╭─ DATA FOR PROCESSING

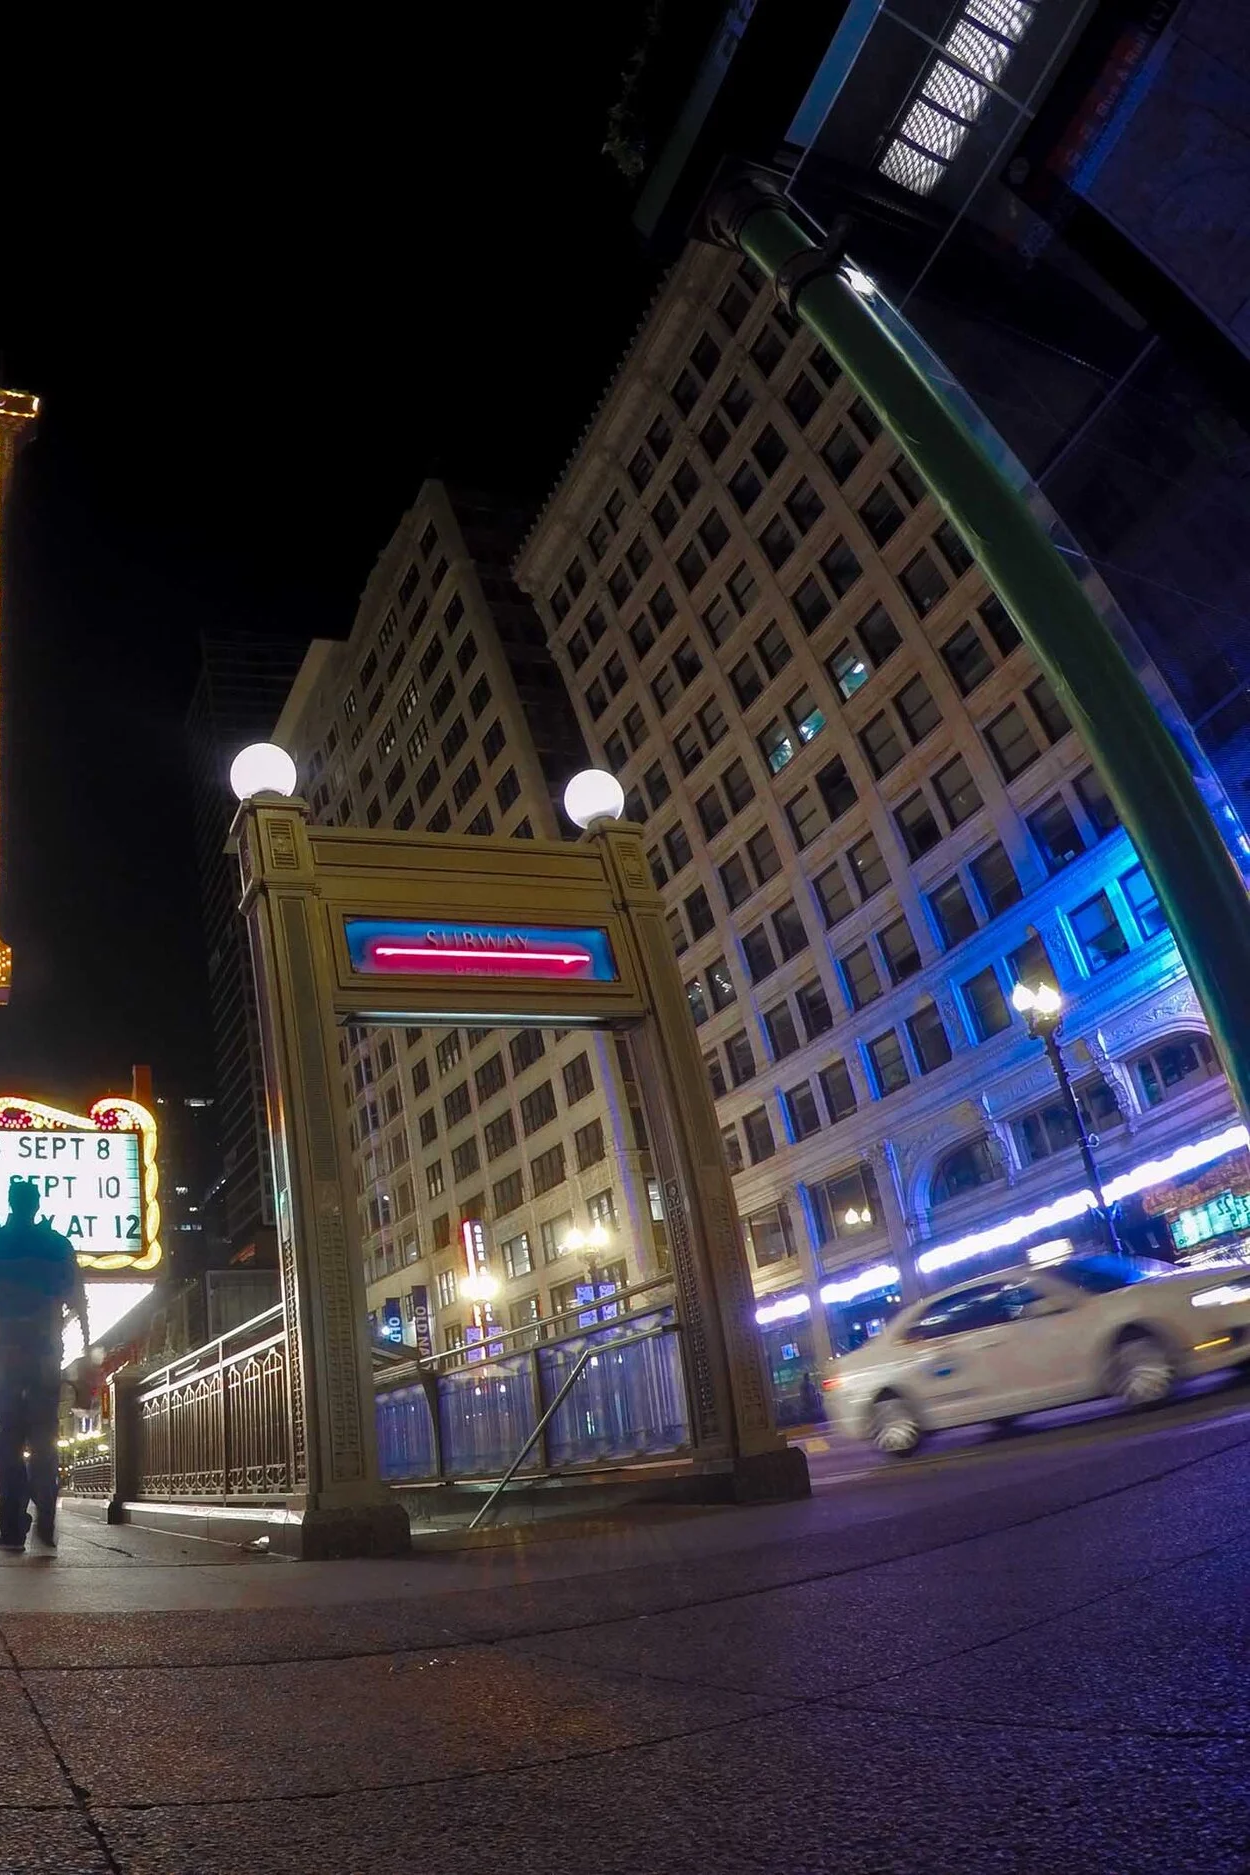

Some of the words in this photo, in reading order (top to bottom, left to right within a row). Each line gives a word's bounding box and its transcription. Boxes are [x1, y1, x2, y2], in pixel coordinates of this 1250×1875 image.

[18, 1136, 85, 1160] SEPT
[96, 1138, 110, 1160] 8
[9, 1174, 77, 1199] PT
[98, 1177, 121, 1199] 10
[65, 1215, 97, 1238] AT
[114, 1214, 142, 1239] 12
[388, 1316, 401, 1343] OLD
[415, 1306, 427, 1333] OLD

╰─

## [ASSIGNED TASK]
Strip out the pictures and quote the remaining data word for word.

## [TASK RESPONSE]
Some of the words in this photo, in reading order (top to bottom, left to right within a row). Each line gives a word's bounding box and its transcription. Boxes are [x1, y1, x2, y2], in pixel coordinates of this 1250×1875 image.

[18, 1136, 85, 1160] SEPT
[96, 1138, 110, 1160] 8
[9, 1174, 77, 1199] PT
[98, 1177, 121, 1199] 10
[65, 1215, 97, 1238] AT
[114, 1214, 142, 1239] 12
[388, 1316, 401, 1343] OLD
[415, 1306, 427, 1333] OLD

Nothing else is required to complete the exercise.